At the intersection of Sixth avenue and Twenty-third street the tracks of the defendant and of the Sixth Avenue Railroad cross each other nearly at right angles. On February 12, 1883, a Sixth avenue car was moving north on the east track of that line, closely followed (from Carmine street to Twenty-third street) by a butcher's wagon, with its wheels on the rails, drawn by one horse, driven by the plaintiff, who owned horse and wagon. This car stopped to receive and discharge passengers at the north crosswalk of Twenty-third street. The plaintiff stopped his horse immediately behind the car. As this occurred one of defendant's cars approached from the west on the north track of its line, collided with the hind wheels of plaintiff's wagon, overturned, broke it, and, as it is asserted, injured the plaintiff's left leg. The plaintiff testified that the head of his horse was close to the rear end of the Sixth avenue car, with the hind wheels of his wagon standing midway between the rails of the north track of defendant's line, and that defendant's car was driven against the hind end of his wagon. Foley, plaintiff's witness, testified that the rims of the hind wheels stood over the north rail of the north track. Edwards, defendant's driver, testified that the hind wheels stood far enough north of the north rail to have permitted the car to pass without touching; but that as the car was passing the plaintiff's wagon was backed in the way of the car. This and the rate of speed of the defendant's car were the principal facts in dispute. The plaintiff testified *Page 414 that he saw the defendant's car approaching rapidly; but he did not explain why he made no attempt to turn to the right or left of the Sixth avenue car, and leave the track. There is no evidence that anything prevented him from doing this.

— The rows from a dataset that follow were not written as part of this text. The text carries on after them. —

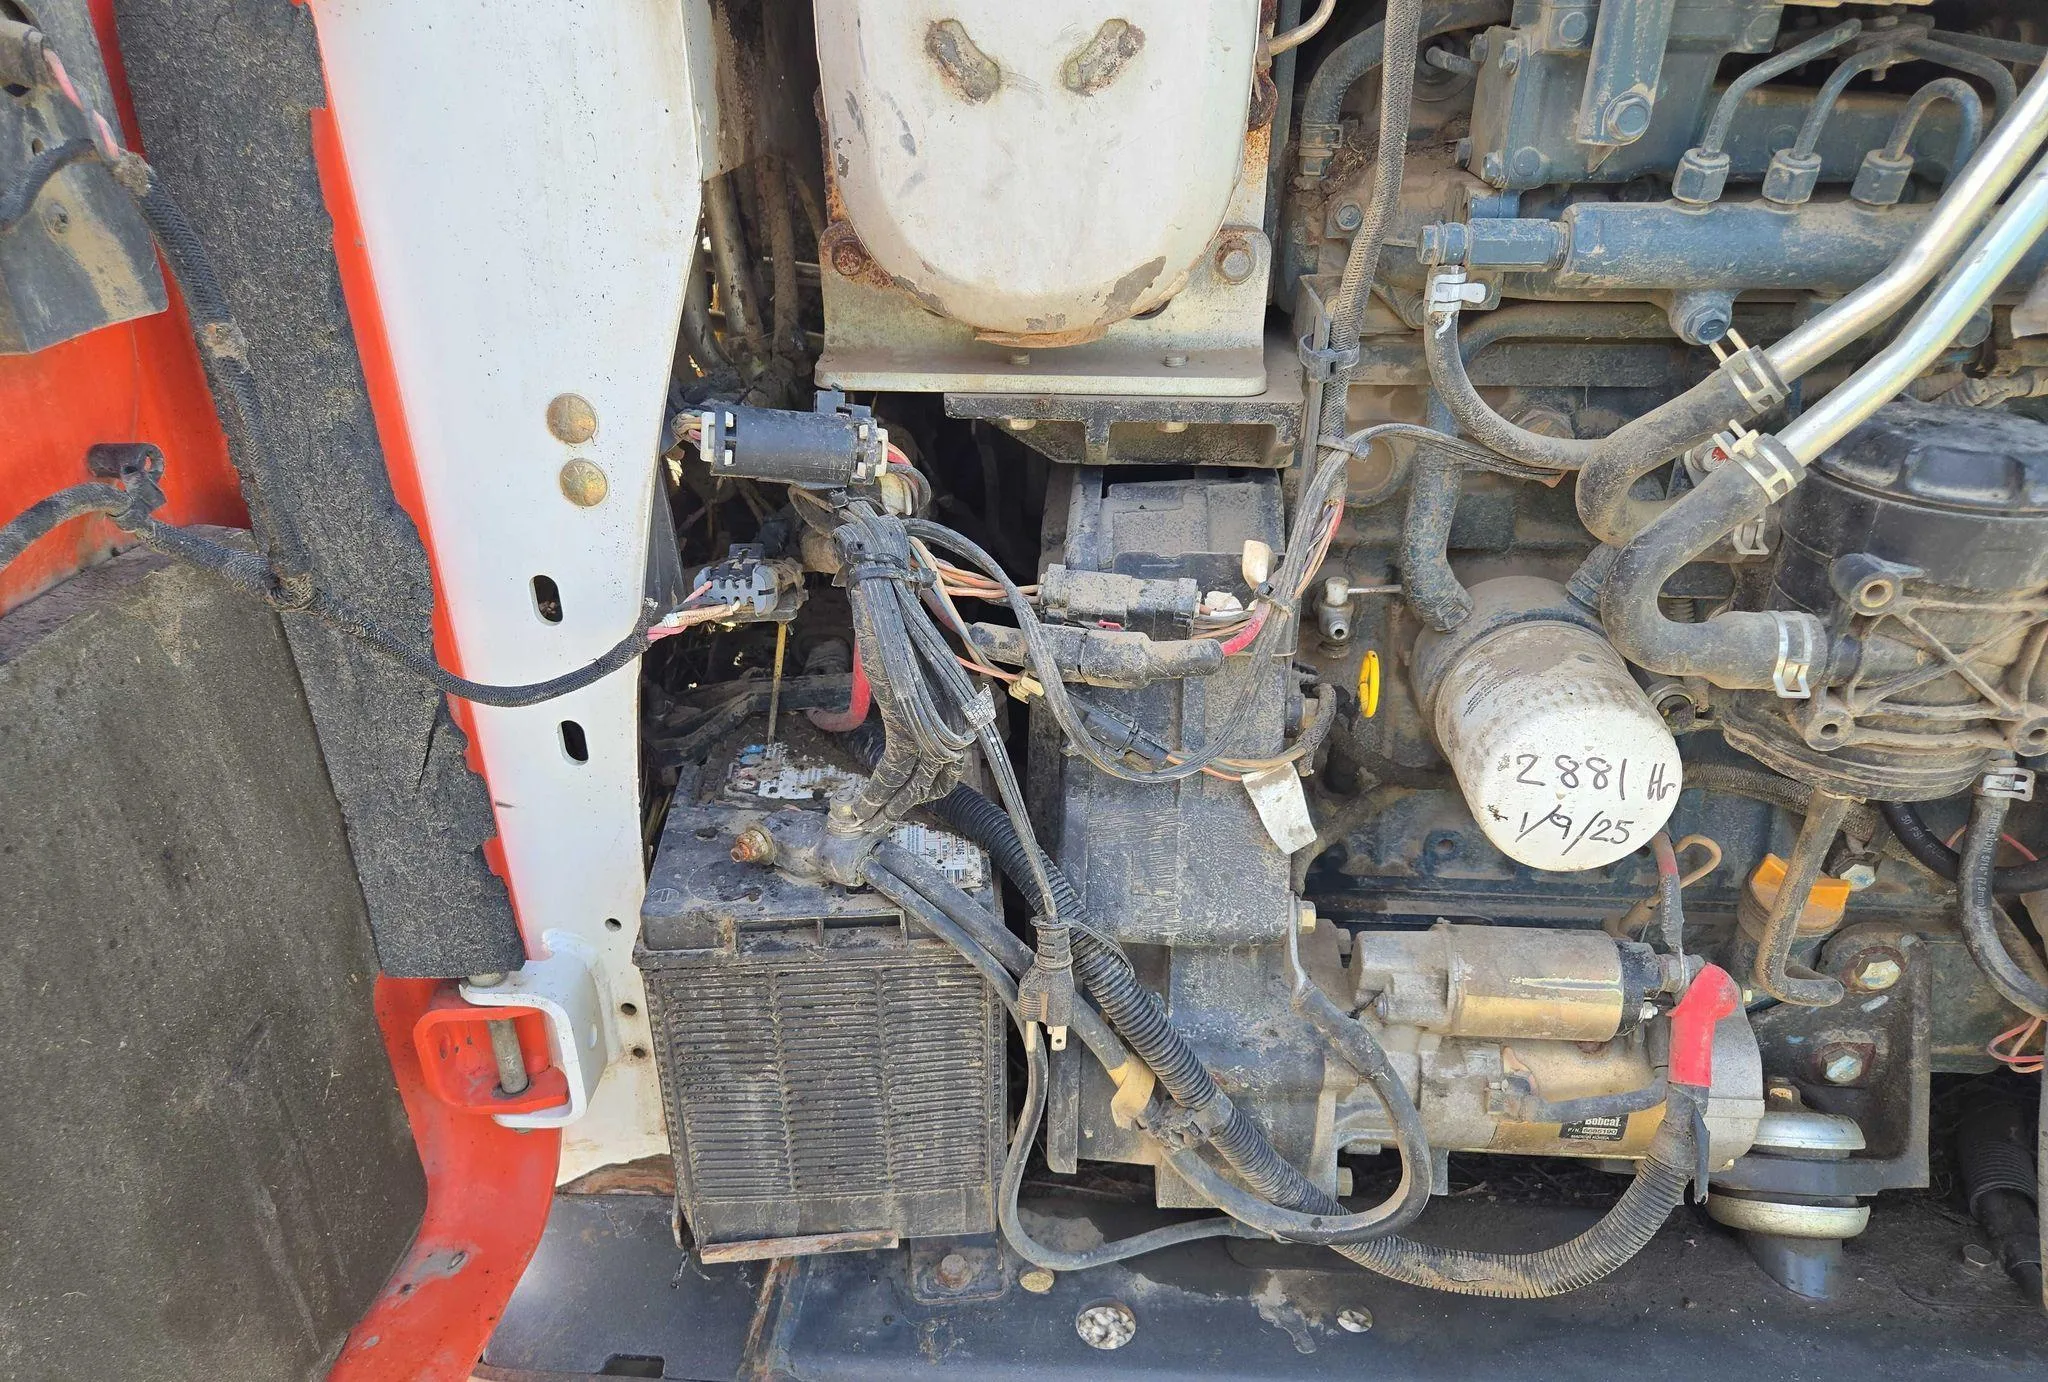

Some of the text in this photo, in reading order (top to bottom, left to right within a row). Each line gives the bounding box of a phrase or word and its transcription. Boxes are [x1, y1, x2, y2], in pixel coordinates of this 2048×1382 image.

[1516, 754, 1627, 800] 2881
[1514, 804, 1635, 856] 1/9/25
[1585, 1116, 1620, 1127] Bobcat
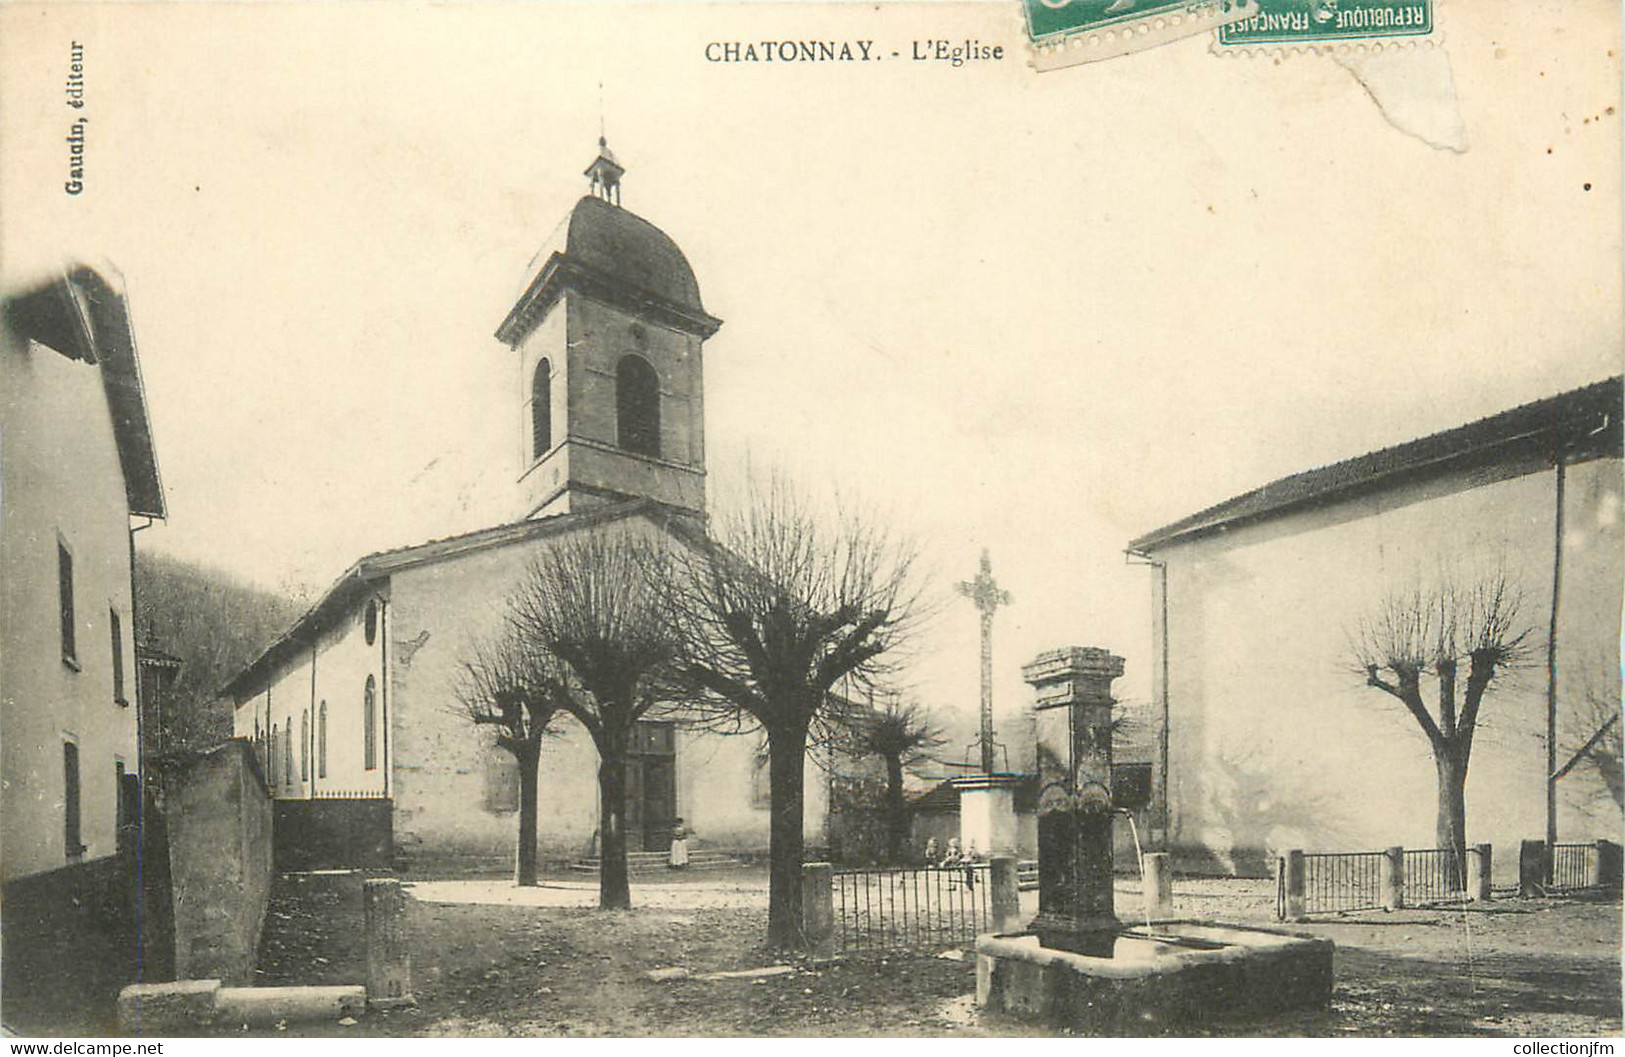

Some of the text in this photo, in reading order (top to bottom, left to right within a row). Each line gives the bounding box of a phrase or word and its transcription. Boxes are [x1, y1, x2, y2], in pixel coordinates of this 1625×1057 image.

[1335, 6, 1424, 28] REPUBLIQUE
[705, 40, 882, 62] CHATONNAY.
[912, 40, 1004, 67] L'Eglise
[66, 41, 84, 109] éditeur
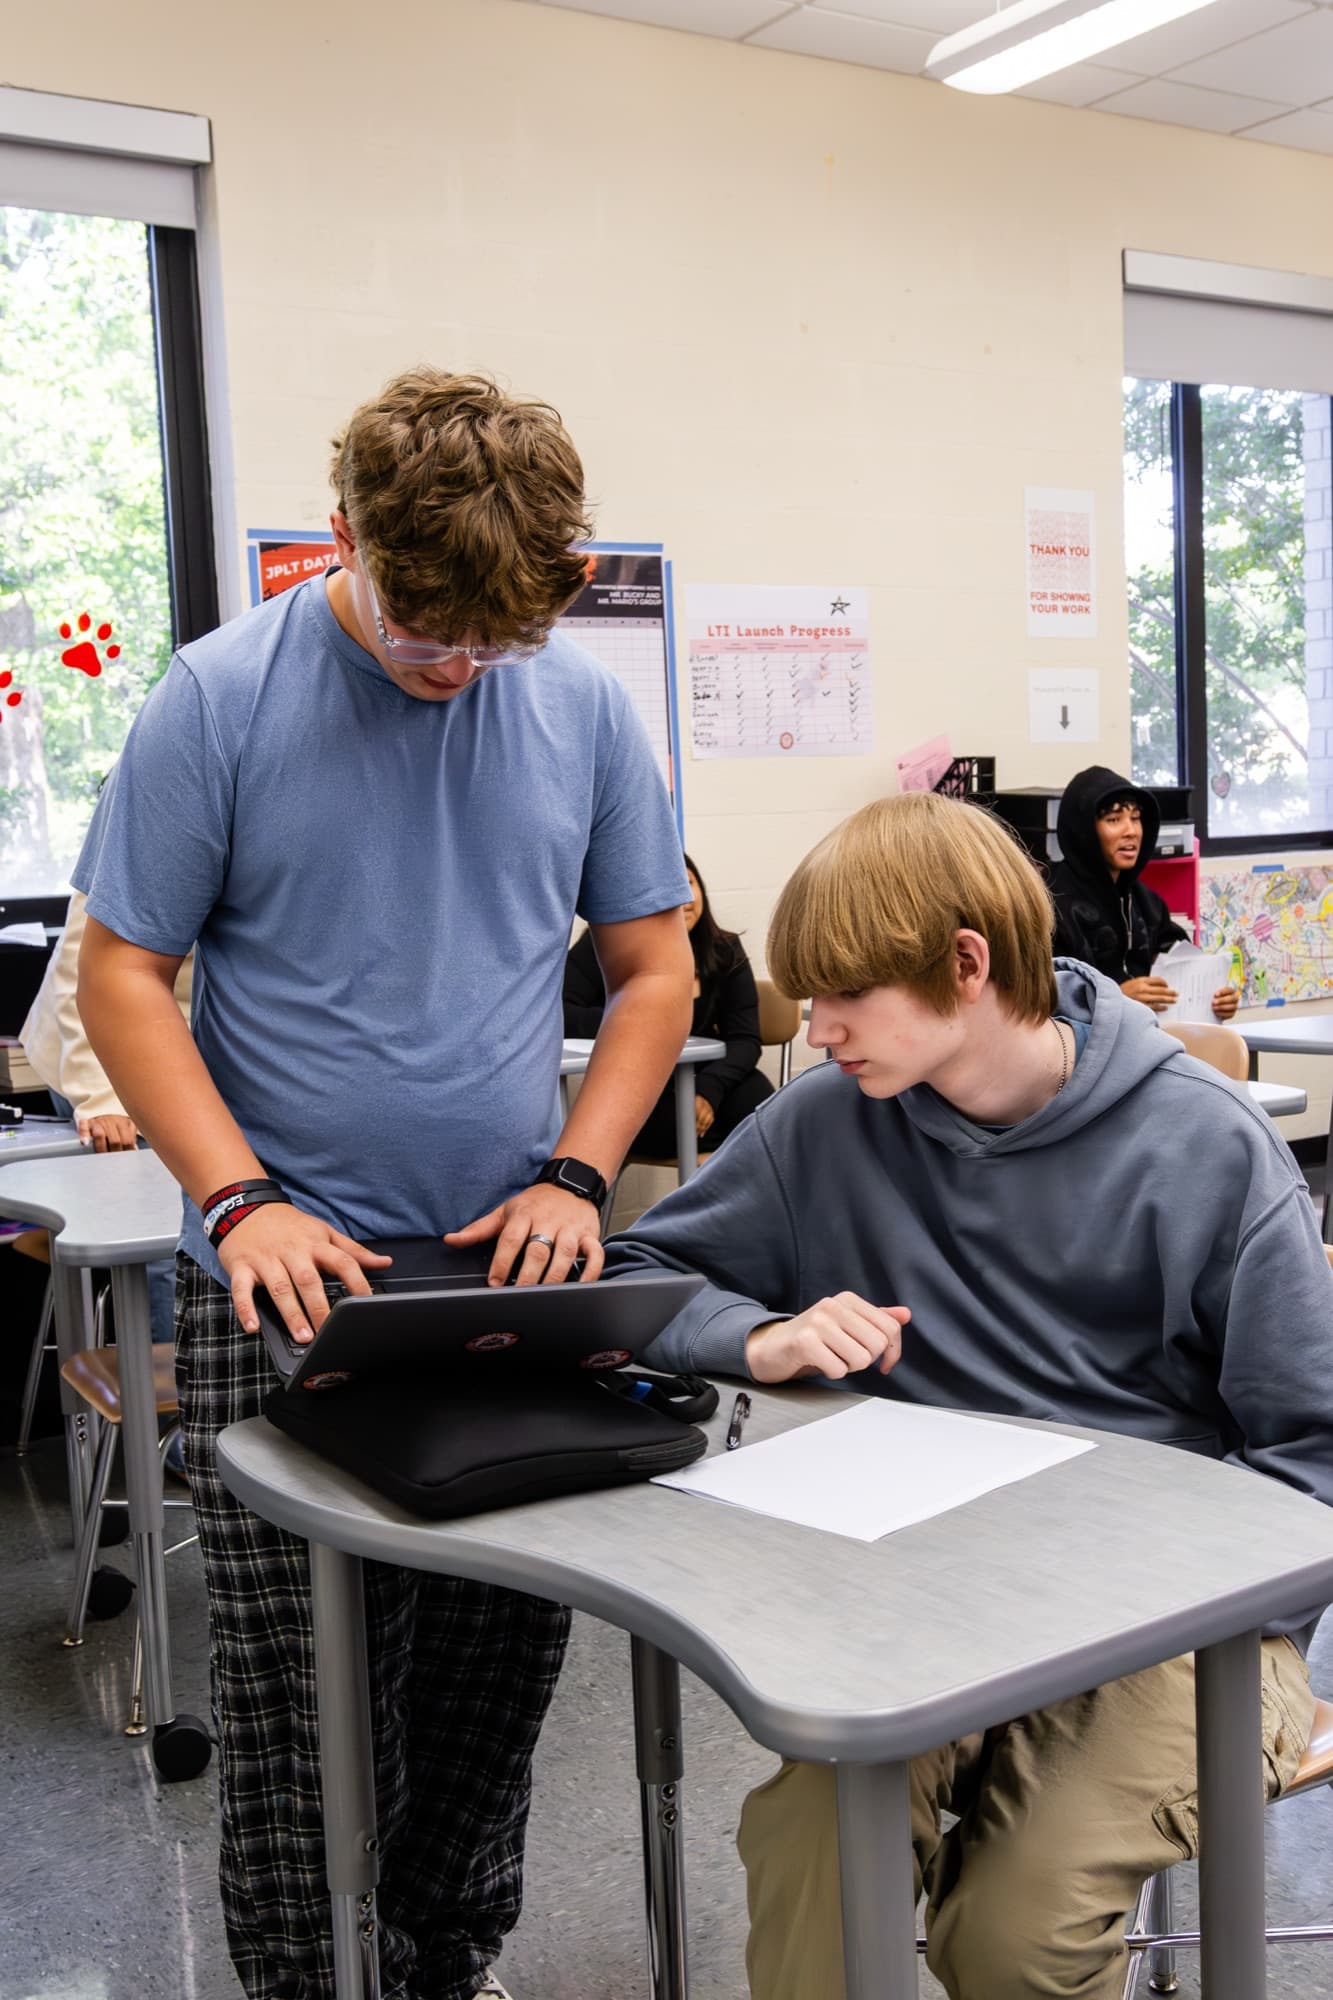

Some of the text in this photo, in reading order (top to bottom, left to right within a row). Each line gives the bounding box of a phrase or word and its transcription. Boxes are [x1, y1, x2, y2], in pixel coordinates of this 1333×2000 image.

[1030, 544, 1090, 557] THANK YOU
[265, 560, 300, 579] JPLT
[1030, 591, 1091, 602] FOR SHOWING
[1030, 604, 1091, 614] YOUR WORK
[707, 625, 852, 640] LTI Launch Progress

The plaintiff was permitted to testify, over defendant's objection, that the evidence was not within the issue; that while suffering from his injury he employed two men to work in his place, paying them $12 and $15 per week each, $135 in the aggregate. When a plaintiff alleges that his person has been injured and proves the allegation, the law implies damages, and he may recover such as necessarily and immediately flow from the injury (which are called general damages) under a general allegation that damages were sustained; but if he seeks to recover damages for consequences which do not necessarily and immediately flow from the injury (which are called special damages), he must allege the special damages which he seeks to recover. It is not alleged in the complaint that the plaintiff expended money in hiring others to work in his place; the defendant had no opportunity of contradicting the evidence, and its reception was error. (Gilligan v. N.Y. Harlem R.R. Co., 1 E.D. Smith, 453; Stevens v. Rodger, 25 Hun, 54; Whitney v. Hitchcock, 4 Denio, 461; 2 Thompson on Negligence, 1250, §§ 32, 33; 2 Sedg. on Dam. [7th ed.] 606; 1 Chitty's Pl. [16th Am. ed.] 411, 515; Mayne on Damages, chap. 17; Heard's Civil Pl. 310-314.)

The plaintiff was permitted to testify that he had paid seventy dollars for the reparation of his wagon. The defendant objected to this evidence upon the ground that it did not establish the extent of the injury or the value of the repairs. The objection was overruled and the defendant excepted. In the absence of evidence that the repairs were proper, or worth the sum paid, it was error to hold that the sum paid could be recovered. This error was repeated. The plaintiff, under a like objection, was permitted to show how much this physician charged him, without giving evidence of payment or any evidence of the value of the services, except the incidental remark *Page 415 of the physician, who testified, "Seventy-five dollars is the amount of my bill now; that is very small, too."

The judgment should be reversed and a new trial granted, with costs to abide the event.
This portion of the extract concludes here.